Before she could even open her mouth, he was on to Yates. Karigan sat there at a loss. Had she heard him right? She bit her bottom lip. It had happened too quickly, and now he had already mounted the steps and paused on the landing. “May the blessings of Aeryc and Aeryon be upon you all,” he said.

General Harborough ordered them to ride out. Karigan reflexively reined Condor around, all of it a blur. However, as she rode away from the castle, she did not see the road ahead of her, but the image of the king standing straight and strong on the castle steps with his two terriers sitting on either side of him, the gleam of dawn on his amber hair, and his longcoat flapping in the wind.

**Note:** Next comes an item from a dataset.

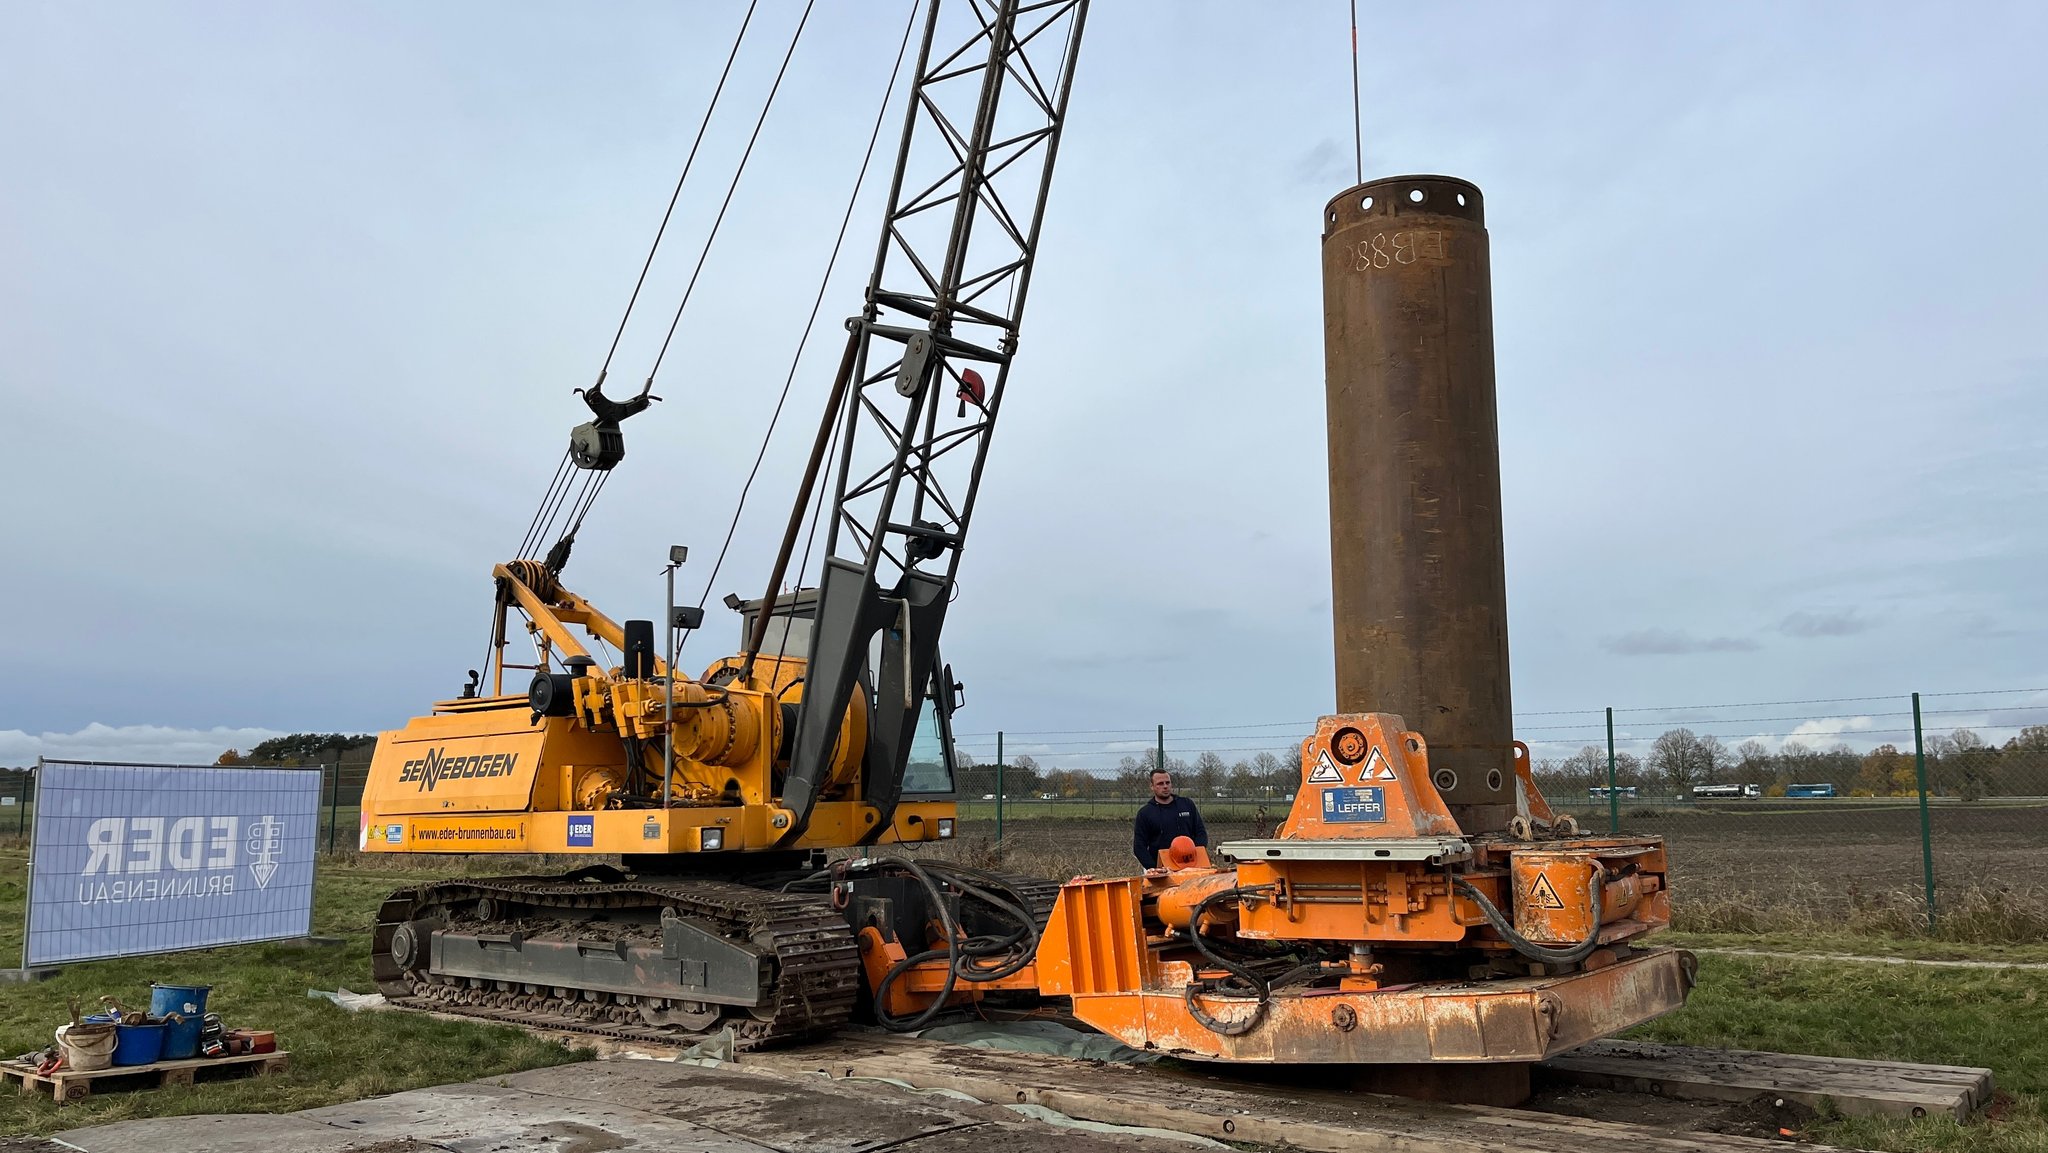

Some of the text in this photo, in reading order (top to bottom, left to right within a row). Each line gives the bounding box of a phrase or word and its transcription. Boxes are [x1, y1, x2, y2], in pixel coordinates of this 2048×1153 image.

[399, 747, 518, 793] SENNEBOGEN
[1338, 803, 1380, 813] LEFFER
[418, 827, 516, 841] www.eder-brunnenbau.eu
[575, 824, 592, 834] EDER

She would keep that image, she knew, tucked away in her mind forever.

The sharp clip-clop of hooves on the street below awakened Galen Miller from a deep slumber. He rose from his pallet in a panic fearing an opportunity missed, and flung himself across the attic room to the window, his body ungainly from the sleep and the shaking disease that afflicted him. Could his long wait finally be over? He swung the window open and leaned out over the sill into the crisp air.

It was, he discovered, only a small military detachment riding two abreast at a smart trot down the nearly deserted street. The time was just past sunrise and the Winding Way remained darkened by the shadows of buildings, but he could discern the blue uniforms of the light cavalry and the green of messengers. There were a couple of soldiers in black and silver, and a pair of riders in what looked like forester’s garb. An odd assortment to be sure, and something Galen hadn’t seen before during his many hours of surveillance of the Winding Way, but certainly not what he’d been waiting for all this time.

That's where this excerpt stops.